Some Python reminders

I assume that you all know Python. If not you can look back at the course notes of <a href = 'http://ecourse.uoi.gr/course/view.php?id=489'>Introduction to Programming</a>.

There is also a nice introductory <a href = "https://github.com/mcrovella/CS506-Computational-Tools-for-Data-Science/blob/master/01-Intro-to-Python.ipynb">tutorial</a> from Evimaria Terzi and Mark Crovella from whom we will borrow a lot of material.

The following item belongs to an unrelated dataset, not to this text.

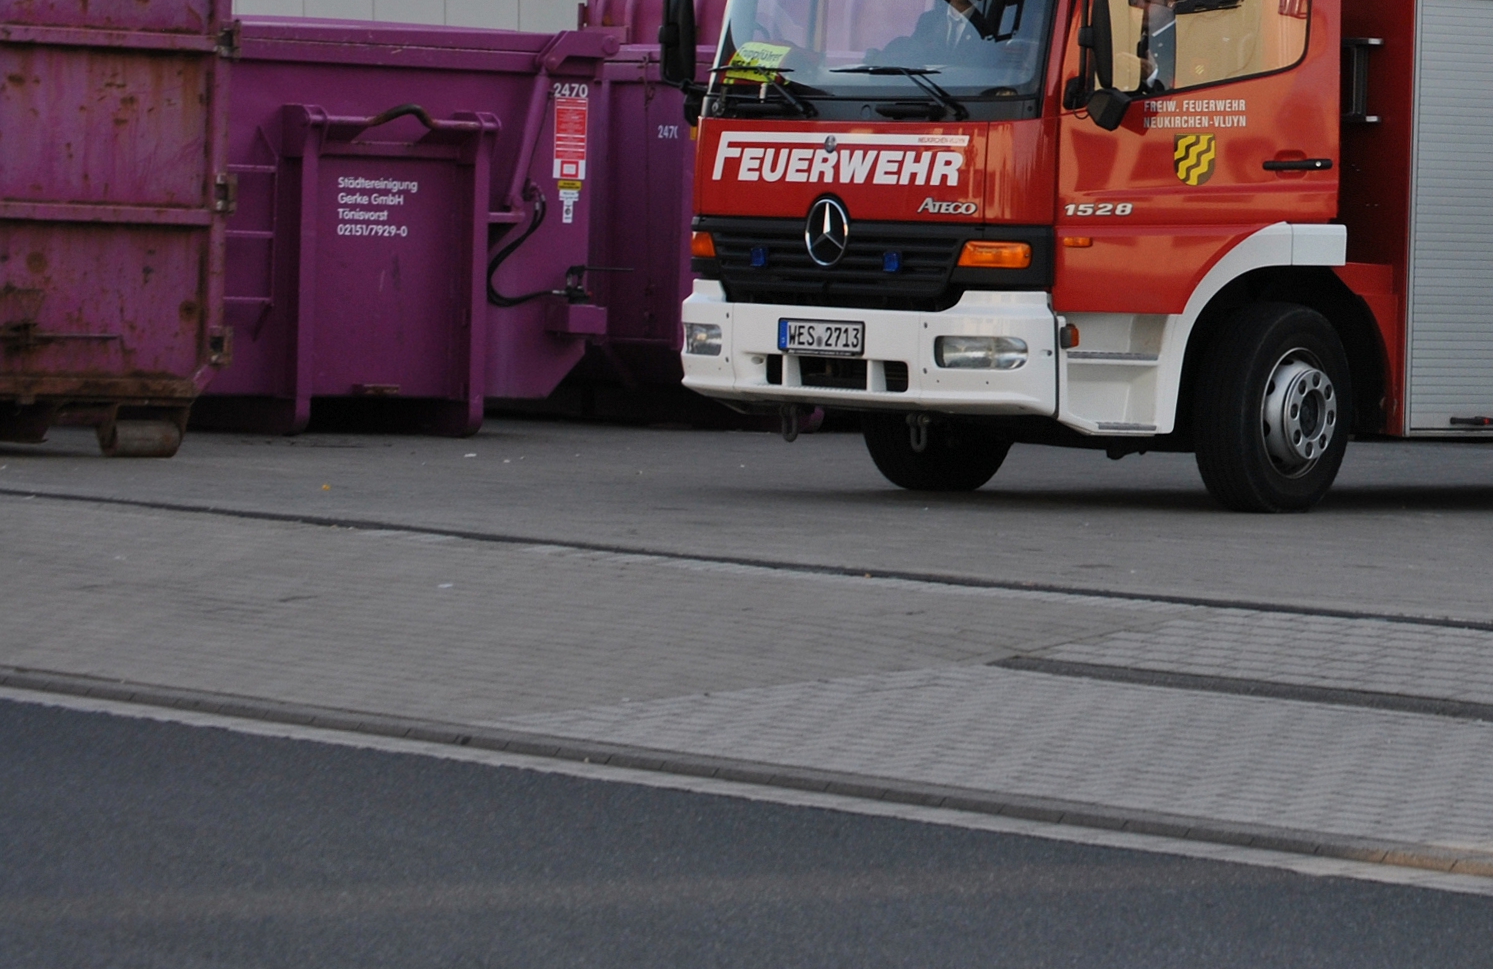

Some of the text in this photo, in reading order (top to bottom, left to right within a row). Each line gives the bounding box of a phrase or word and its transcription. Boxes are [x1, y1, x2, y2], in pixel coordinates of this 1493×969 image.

Here we will just give a few reminders.

Strings

String manipulation will be very important for many of the tasks we will do. Therefore let us play around a bit with strings.

In [15]:
#Concatenating strings

a = "Hello"  # String
b = " World" # Another string
print (a + b)  # Concatenation

Hello World
In [1]:
# Slicing strings

a = "World"

print (a[0])
print (a[-1])
print ("World"[0:4])
print (a[::-1])
print(a[1:-1])

W
d
Worl
dlroW
orl
In [2]:
# Popular string functions
a = "Hello World"
l = list(a)
print(l)
print ("-".join(a))
print ("-".join(l))
print (a.startswith("Wo"))
print (a.endswith("rld"))
print (a.replace("o","0").replace("d","[)").replace("l","1"))
print (a.split())
print (a.split('o'))

['H', 'e', 'l', 'l', 'o', ' ', 'W', 'o', 'r', 'l', 'd']
H-e-l-l-o- -W-o-r-l-d
H-e-l-l-o- -W-o-r-l-d
False
True
He110 W0r1[)
['Hello', 'World']
['Hell', ' W', 'rld']

Strings are an example of an imutable data type. Once you instantiate a string you cannot change any characters in it's set.

In [18]:
string = "string"
string[-1] = "y"  #Here we attempt to assign the last character in the string to "y"

---------------------------------------------------------------------------
TypeError                                 Traceback (most recent call last)
<ipython-input-18-b377f6c05723> in <module>()
      1 string = "string"
----> 2 string[-1] = "y"  #Here we attempt to assign the last character in the string to "y"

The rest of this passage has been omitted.